Here are the results of running the benchmark on different configurations. All configurations are benchmarked on the same machine, with the same rsyslog configuration, multiple times, etc. The results show how much time rsyslog needs to process logs (the source log file is the same for all runs). I have rechecked - the results are consistent between runs.

• Release: ~1m45s
• Release + PGO: ~1m34s

At least in this scenario, rsyslog performs better (=faster) with PGO. Not bad for "just" a compiler option :)
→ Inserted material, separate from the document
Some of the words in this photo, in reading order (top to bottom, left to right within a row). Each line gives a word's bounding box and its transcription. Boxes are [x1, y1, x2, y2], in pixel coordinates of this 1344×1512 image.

More results with PGO on real-life applications you can find here. There you also can check positive LTO and PGO results for Fluent-Bit and Vector. For rsyslog I didn't check LTO yet.

[zamazan4ik]

@rgerhards Probably you are interested in the results above (I don't know do you receive notifications about updates in the discussion threads so I politely ping you explicitly here).

[rgerhards]

@zamazan4ik I have not much to add to what I already said: feel free to craft a PR with changes, just make sure that the optimizations can be controlled via a configure switch. Keep them turned off by default. I will not do anything myself as I think I can spent the time much better from an overall community PoV.

[zamazan4ik]

@rgerhards what do you think about writing a guide about "How to build Rsyslog with PGO?" somewhere in the Rsyslog documentation? In this guide, we can show the users, how PGO could be useful for their scenarios (at least according to my tests above PGO helps with achieving measurable performance boost for Rsyslog), and prepare a step-by-step guide on how to build Rsyslog with PGO?
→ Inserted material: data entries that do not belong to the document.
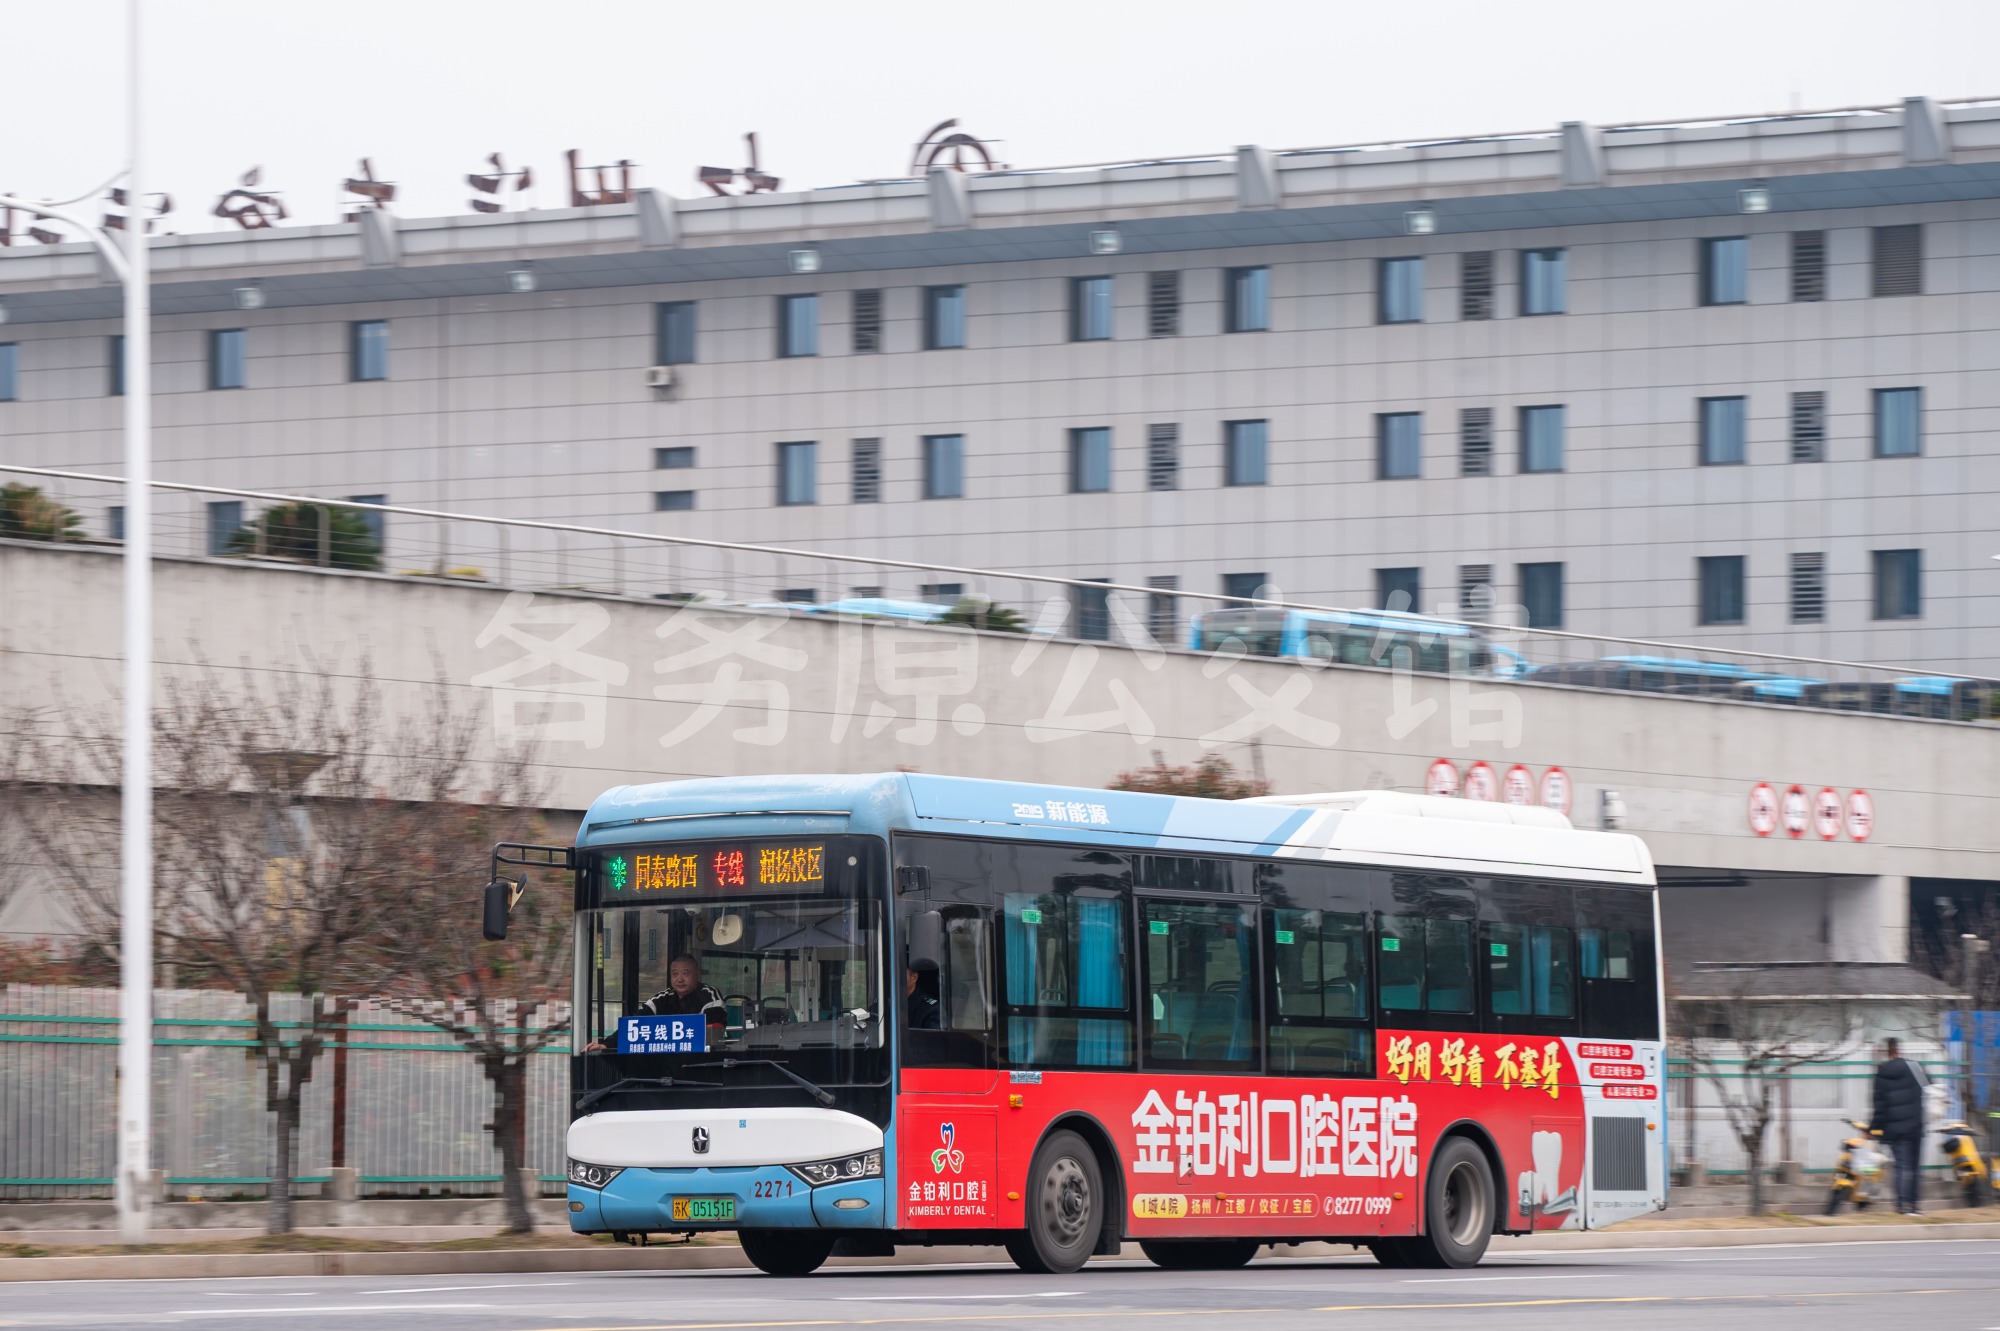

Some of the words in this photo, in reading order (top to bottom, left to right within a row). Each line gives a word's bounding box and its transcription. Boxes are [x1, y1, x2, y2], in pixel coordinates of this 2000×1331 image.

[1045, 800, 1110, 825] 新能源
[635, 853, 698, 890] 同泰路西
[713, 850, 745, 886] 专线
[759, 846, 823, 885] 润扬校区
[1385, 1035, 1432, 1085] 好用
[1438, 1037, 1485, 1089] 好看
[1494, 1041, 1563, 1100] 不塞牙
[1131, 1089, 1418, 1178] 金铂利口腔医院
[754, 1180, 793, 1198] 2271
[908, 1181, 979, 1201] 金铂利口腔
[908, 1205, 951, 1216] KIMBERLY
[954, 1205, 987, 1215] DENTAL
[1141, 1197, 1179, 1215] 1城4院
[1191, 1197, 1211, 1214] 扬州
[1225, 1197, 1245, 1214] 江都
[1259, 1197, 1279, 1214] 仪征
[1292, 1197, 1313, 1214] 宝应
[1334, 1196, 1364, 1215] 8277
[1365, 1196, 1391, 1215] 0999
Here are examples of such guides in other projects:

• Vector: https://vector.dev/docs/administration/tuning/pgo/ (as an example of the logging-specific solution)
• GCC: Official docs, section "Building with profile feedback" (even AutoFDO build is supported)
• Clang: https://llvm.org/docs/HowToBuildWithPGO.html
• ClickHouse: https://clickhouse.com/docs/en/operations/optimizing-performance/profile-guided-optimization
• Databend: https://databend.rs/doc/contributing/pgo
• Nebula: https://docs.nebula-graph.io/3.5.0/8.service-tuning/enable_autofdo_for_nebulagraph/

If you are not against of such a guide, I am ready to contribute it to the project. We need just to negotiate, where the best place to put this guide in the Rsyslog documentation. Also, it would be helpful if you could tell me how to properly contribute the documentation changes to the project.

[davidelang]

We are never against additional documentation, the only concern is if we start getting asked to support it. But as long as you remain active and respond to questions, go for it. In terms of changing documentation, there is a git repo of the docs, just submit a PR with your changes. David Lang On Sat, 26 Aug 2023, Alexander Zaitsev wrote:

…

@rgerhards what do you think about writing a guide about "How to build Rsyslog with PGO?" somewhere in the Rsyslog documentation? In this guide, we can show the users, how PGO could be useful for their scenarios (at least according to my tests above PGO helps with achieving measurable performance boost for Rsyslog), and prepare a step-by-step guide on how to build Rsyslog with PGO? Here are examples of such guides in other projects: * Vector: https://vector.dev/docs/administration/tuning/pgo/ (as an example of the logging-specific solution) * GCC: Official [docs](https://gcc.gnu.org/install/build.html), section "Building with profile feedback" (even AutoFDO build is supported) * Clang: https://llvm.org/docs/HowToBuildWithPGO.html * ClickHouse: https://clickhouse.com/docs/en/operations/optimizing-performance/profile-guided-optimization * Databend: https://databend.rs/doc/contributing/pgo * Nebula: https://docs.nebula-graph.io/3.5.0/8.service-tuning/enable_autofdo_for_nebulagraph/ If you are not against of such a guide, I am ready to contribute it to the project. We need just to negotiate, where the best place to put this guide in the Rsyslog documentation. Also, it would be helpful if you could tell me how to properly contribute the documentation changes to the project.